Gifts?

100 people work for me.  100.  What can we afford to show appreciation for Christmas this year?  I’ve already given: personalized pens, live flowers, handmade ornaments, magnets, chocolate, candles, flashlight, personalized keychains.   They say they love it when I walk around and give it to them personally.  Do they really?

I wish I could afford something nice, something they deserve.

A couple of days off ugh

I’m taking a couple of days off of work.  I don’t like taking days off.  What will happen when I’m away?  How will I catch up with observations? Yikes I forgot to put my phone on vacation mode, hope that no parent gets mad that I’m not returning her calls!

I really don’t like taking days off.

 

The perspectives of 6 year olds

Our students often echo what they hear at home.  This week,on the days after the election results, some of our Hispanic students voiced that they were probably going to have to move to Mexico now.  The older students seemed sad.  The younger students just stated it with excitement like a daily news sharing.  One African American 6 year old wanted to join in and said, well, then she was going to have to go to Africa.
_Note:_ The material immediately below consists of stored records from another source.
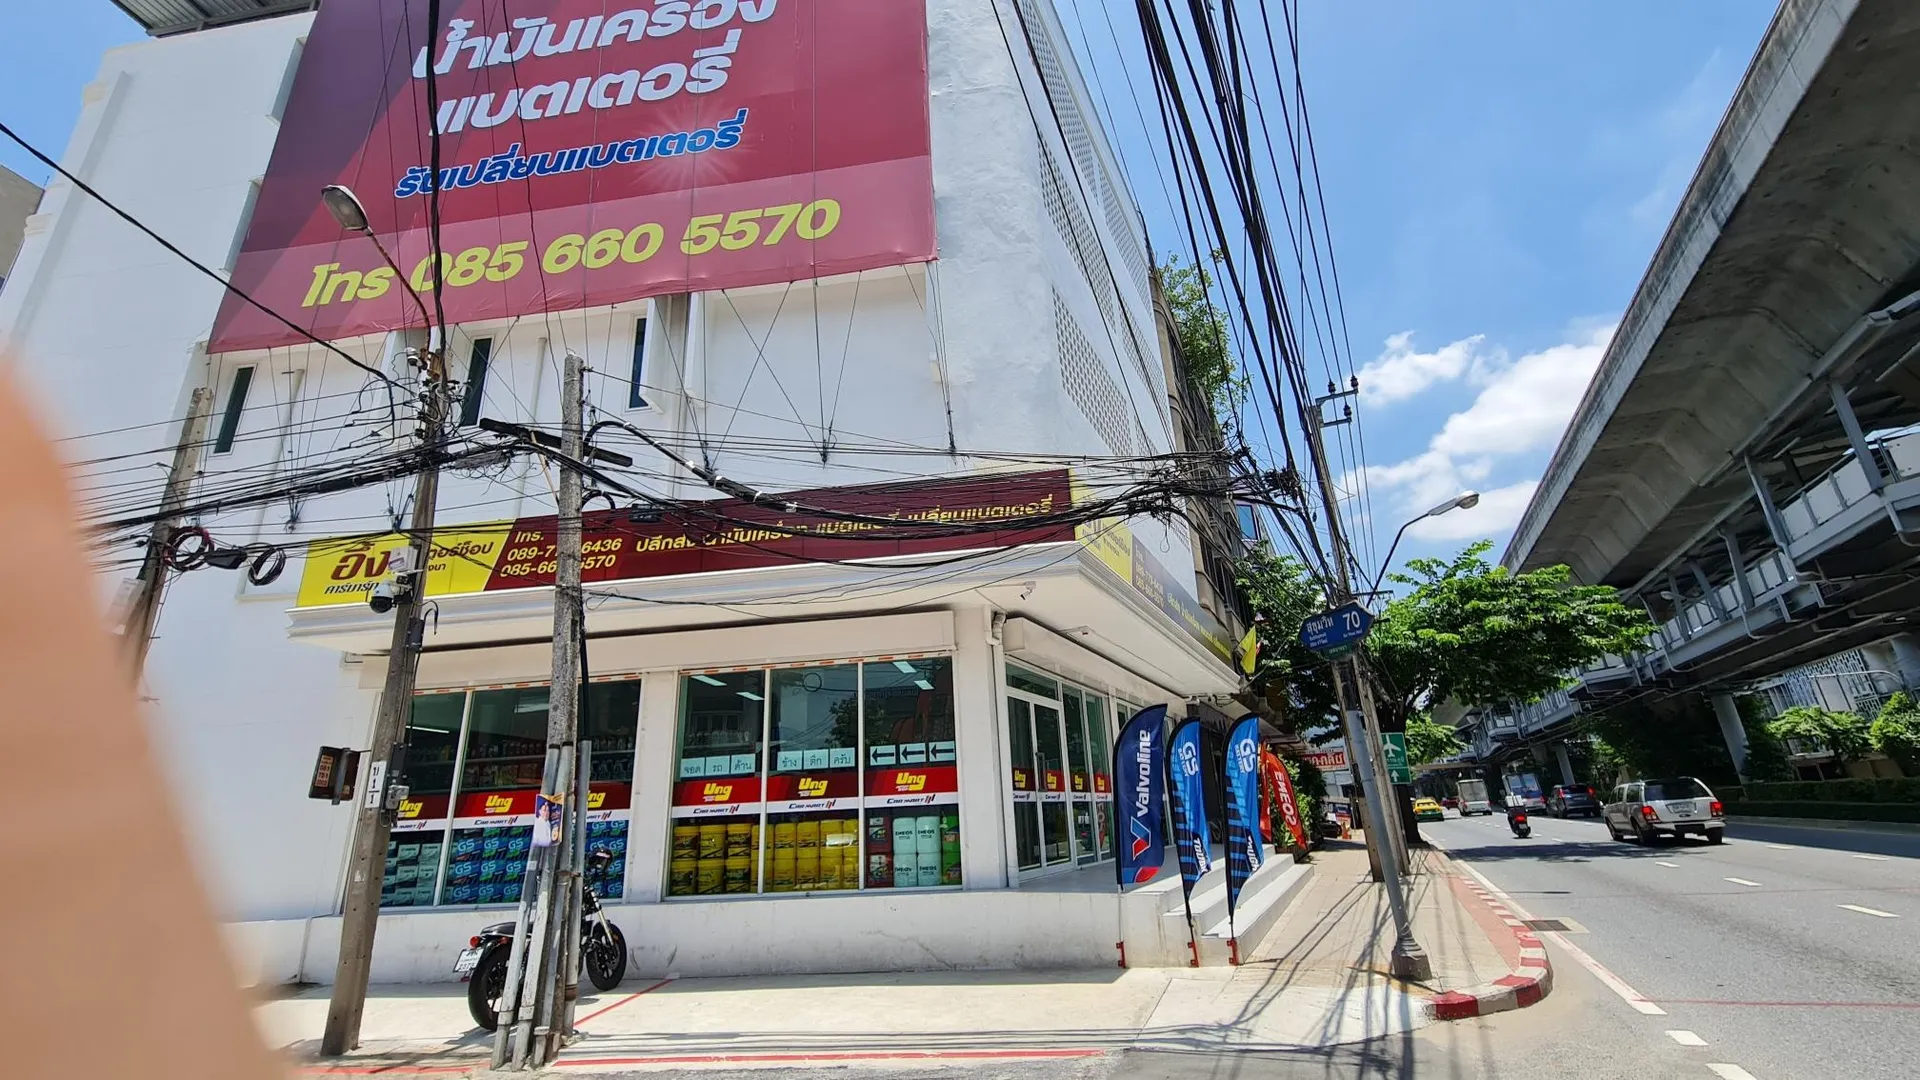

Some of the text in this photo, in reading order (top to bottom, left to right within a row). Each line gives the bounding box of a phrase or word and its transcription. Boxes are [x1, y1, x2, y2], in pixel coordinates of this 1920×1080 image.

[412, 0, 777, 79] น้ำมันเครอง
[428, 28, 742, 137] แบตเตอรี่
[395, 108, 749, 198] รับเปลี่ยนแบตเตอรี่
[301, 198, 841, 308] โทร 085 660 5570
[1342, 610, 1360, 631] 70
[1182, 741, 1199, 776] GS
[1240, 738, 1256, 773] GS
[798, 777, 828, 797] Ung
[895, 772, 926, 791] Ung
[1135, 729, 1151, 818] Valvoline
[485, 795, 513, 813] Ung
[587, 790, 606, 808] ng
[703, 783, 733, 802] Ung
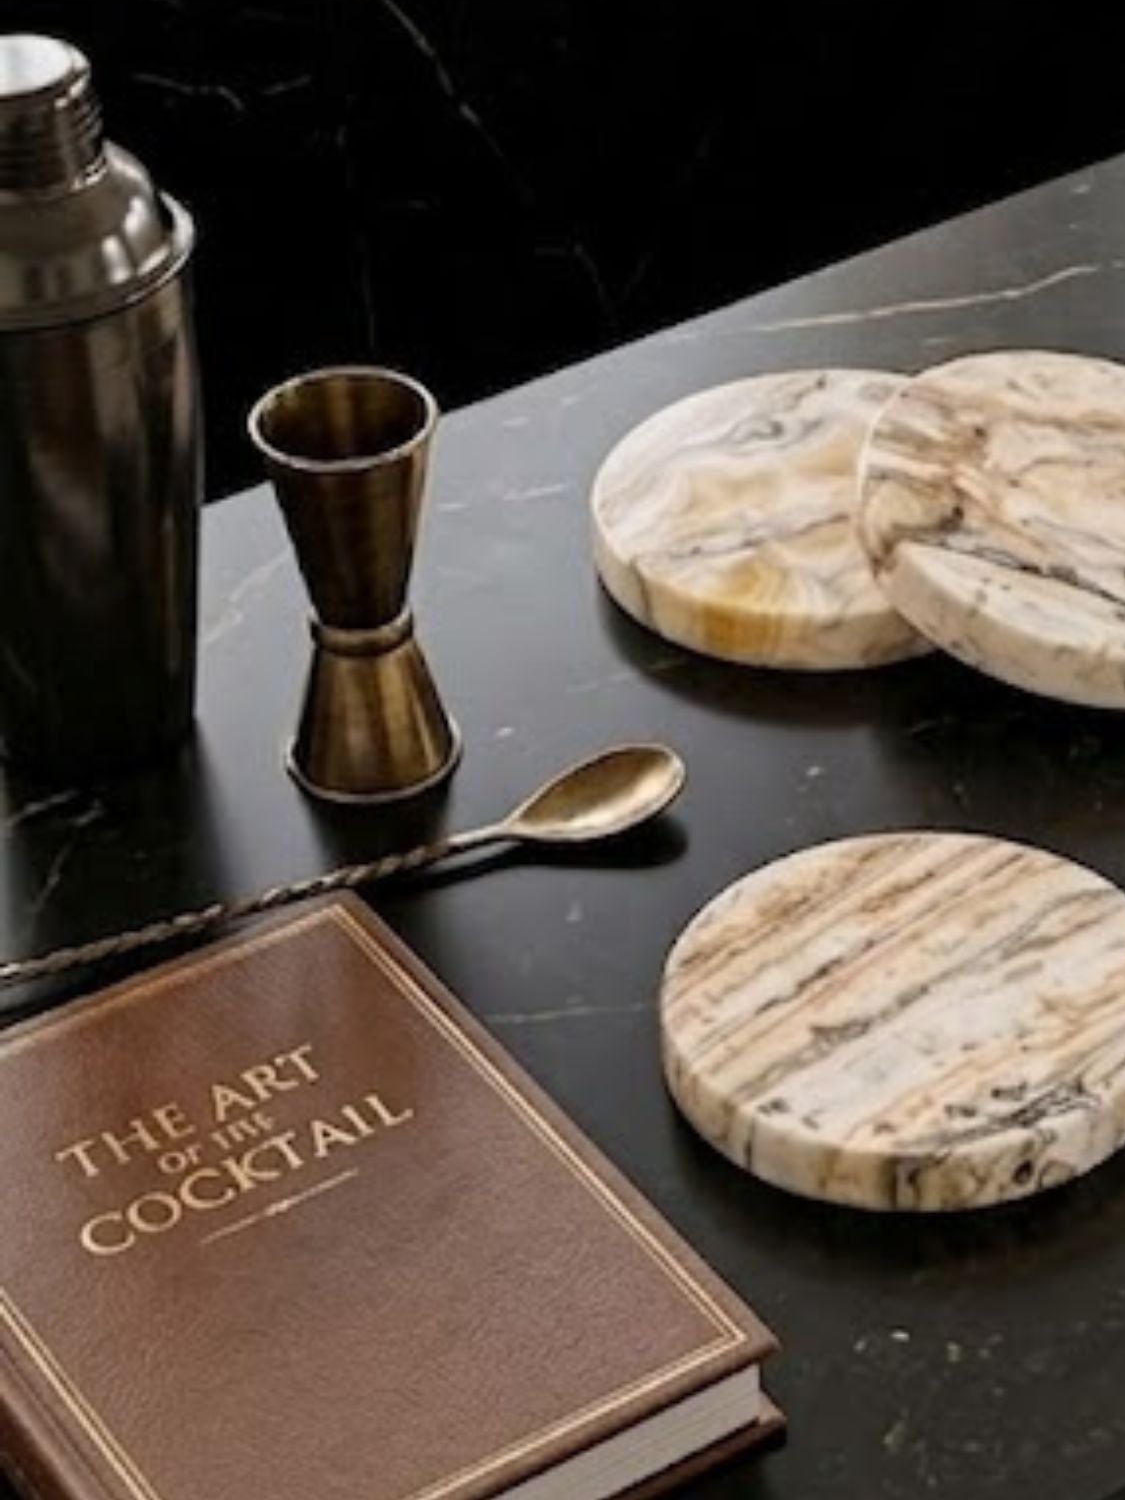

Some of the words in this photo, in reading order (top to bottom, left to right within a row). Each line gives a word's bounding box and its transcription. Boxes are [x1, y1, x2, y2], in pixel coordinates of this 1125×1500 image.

[55, 1102, 196, 1178] THE
[211, 1045, 319, 1122] ART
[80, 1094, 414, 1256] COCKTAIL
[158, 1144, 202, 1174] OF
[211, 1111, 275, 1150] THE
I’m not trained for this part.

The most surprising thing about my job is when the adults that I manage come in to my office to tell me their personal struggles, and look to me for advice.  I have no idea what to tell them when they share that their spouse is leaving them, their child is in trouble, their sibling drinks too much, their sister is dying.  I see their hurt, shock, panic, anger, and just listen.  When they press for advice, the best I can think of to say is to take care of themselves, and do what they would advise their best friend to do if they were in that same situation.

This is, and probably always will be, such unfamiliar territory. I thought when I took this job that I would make an impact on children. I didn’t think about the adults other than inspiring and guiding them to be better teachers.   Even if I can relate, I’m sure they don’t want to know my struggles, that’s not why they are coming to me.  After they leave, I feel their burden and pray.

Then I have to think about the students that are in their charge, and watch them closely, to make sure they are still able to do their jobs.  That’s the other thing: choosing between a teacher’s welfare and the welfare of the students.  Of course, the children come first, but its not easy, especially if it is a stellar teacher.  So I listen, provide support, keep an eye out, pray, and sometimes shut my office door and cry.